# Iteration: the untold story

## Inside Python's Iteration Protocol

### Naomi Ceder
#### 2021-06-23 

#### Former chair, Python Software foundation

#### https://naomiceder.tech, @naomiceder**

### Iteration, the untold story

Description: How the iteration protocol works in Python

Topics:
* Intro/What makes iteration special in Python
* The iteration protocol
   * iterables - create a functioning iterable class (live coding)
   * iterators - create a functioning iterator class
   * generators - create a iterator with a generator function
* Conclusions & Questions

Level: This should be understandable for Python beginners and interesting for more advanced Pythonistas.

## Before we start 

This notebook can (will) be found at https://github.com/nceder/talks

*The Quick Python Book*, 3rd ed - http://bit.ly/quick-python (variables project is free)

*Exploring Python Fundamentals*, Manning liveproject - https://www.manning.com/bundles/exploring-python-fundamentals-pt1-ser


## Iteration = repetition with code and data

## Iteration protocol

### “Python’s most powerful useful feature”
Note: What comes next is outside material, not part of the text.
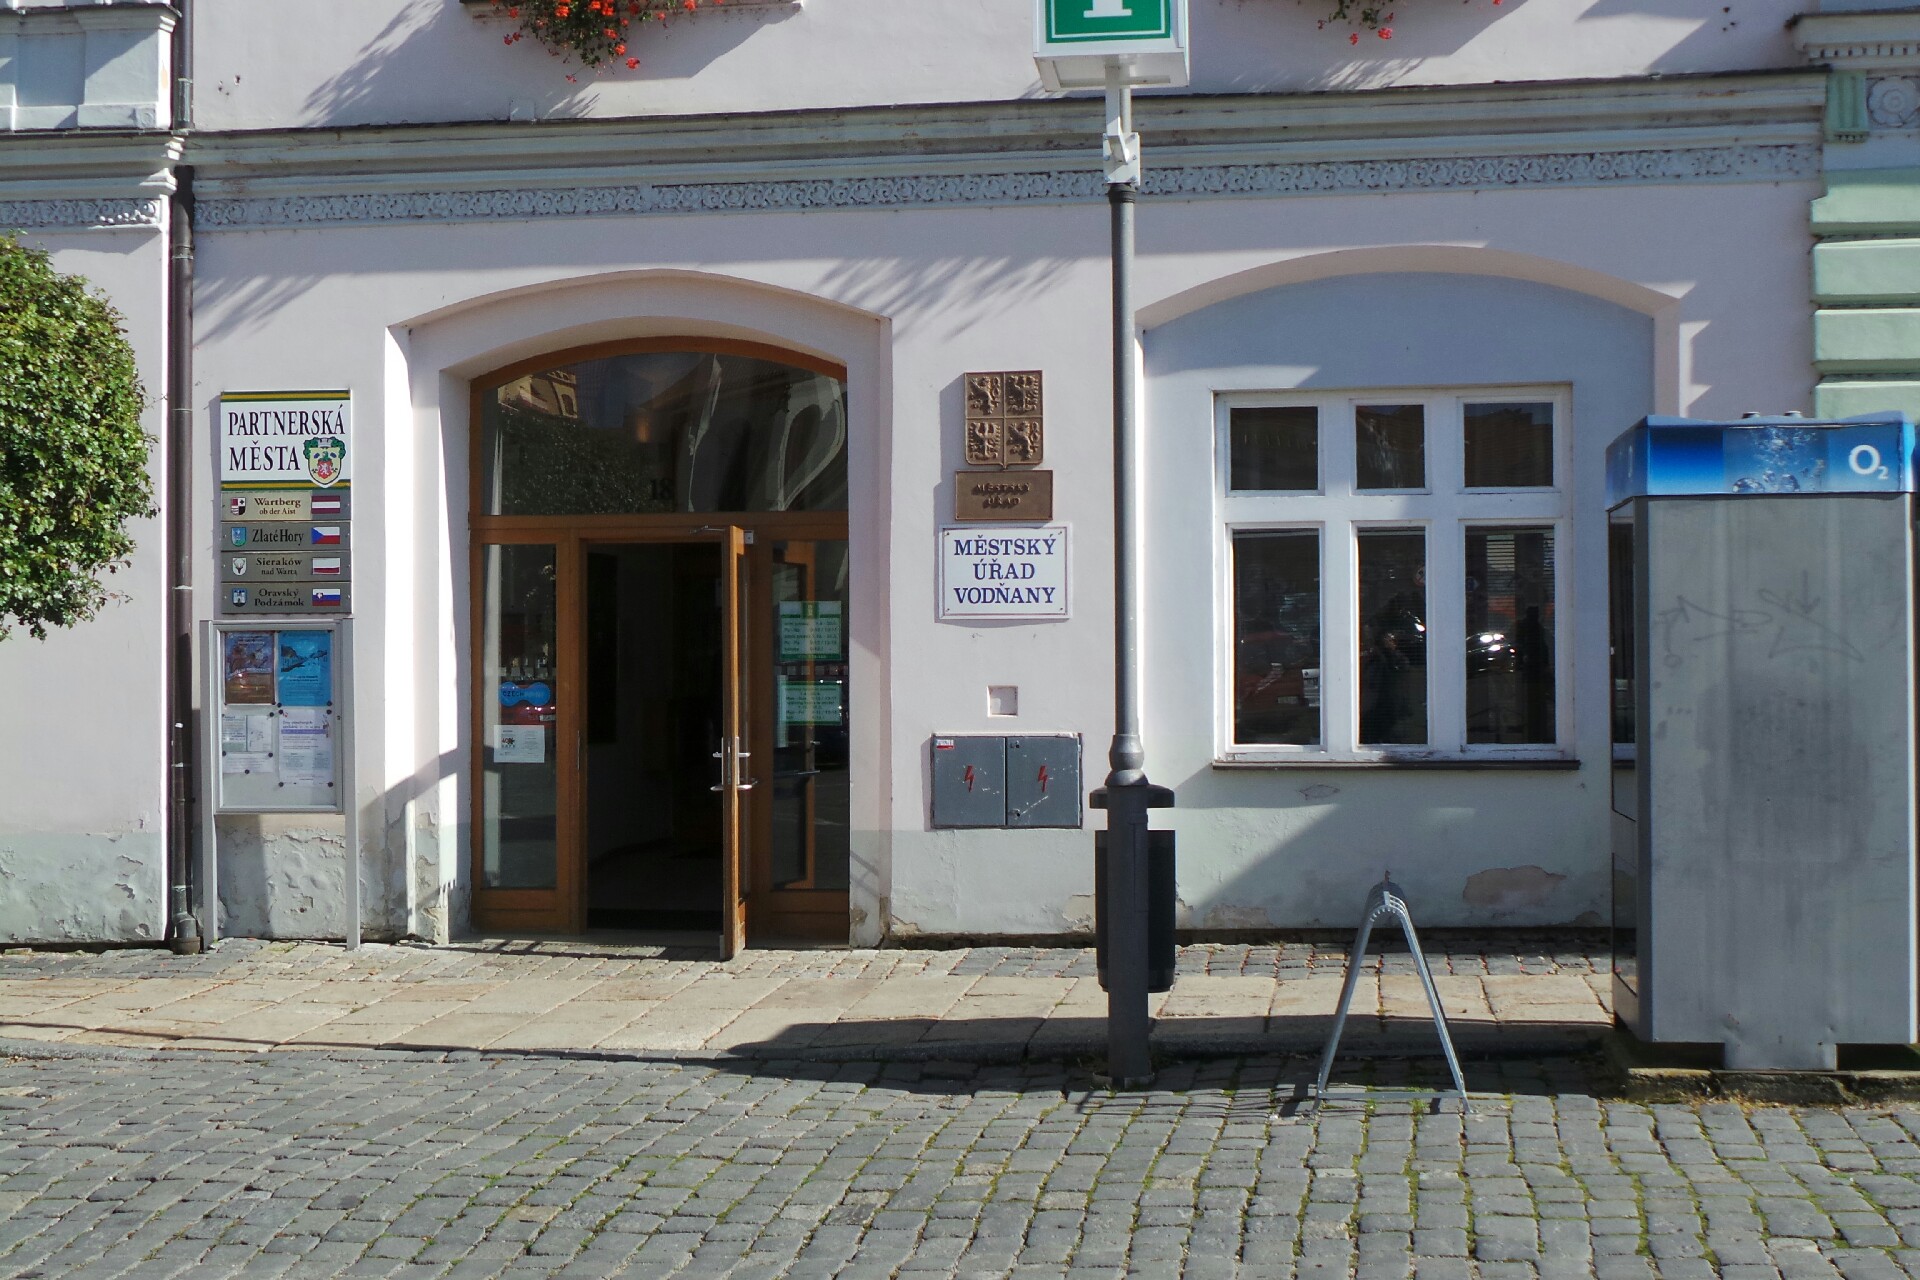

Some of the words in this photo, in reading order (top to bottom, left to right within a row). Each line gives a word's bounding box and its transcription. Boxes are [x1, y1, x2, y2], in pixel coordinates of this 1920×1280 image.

-- Dave Beazley, "[Iterations of Evolution: The Unauthorized Biography of the For-Loop](https://www.youtube.com/watch?v=2AXuhgid7E4)"

In [None]:
# for loop (Python style)
a_list = [1, 2, 3, 4]

for item in a_list:
    print(item)

## Obvious, right?

It wasn't always so obvious...

## It *used* to be surprising

### Python and `for` loops

The `for` statement in Python differs a bit 
from what you may be
used to in C or Pascal.  Rather than always iterating over an
arithmetic progression of numbers (like in Pascal), or leaving the user
completely free in the iteration test and step (as C), Python's for 
statement iterates over the items of any sequence (e.g., a list
or a string), in the order that they appear in the sequence.

-- Python V 1.1 Docs, 1994

### And it works the same for different types
* `for key in a_dictionary:`
* `for char in a_string:`
* `for record in query_results:`
* `for line in a_file:`

etc...

## How does that work?

* **How does a `for` loop know the “next” item?**
* **How can `for` loops use so many different types?**
* **What makes an object “work” in a `for` loop?**

## Iteration protocol

* iteration in Python relies on a **protocol**, not types (from Python 2.2)
* It's a good example of Python's “duck typing” - anything that follows the protocol can be iterated over

### Iteration Protocol: 
* for iteration you need an **iterable** object
* and an **iterator** (which Python usually handles for you)

## iterable

An object capable of returning its members **one at a time.** Examples of iterables include **all sequence types** (such as `list`, `str`, and `tuple`) and **some non-sequence types** like `dict`, file objects, and objects of any **classes you define** with an **`__iter__()`** method or with a **`__getitem__()`** method that implements Sequence semantics.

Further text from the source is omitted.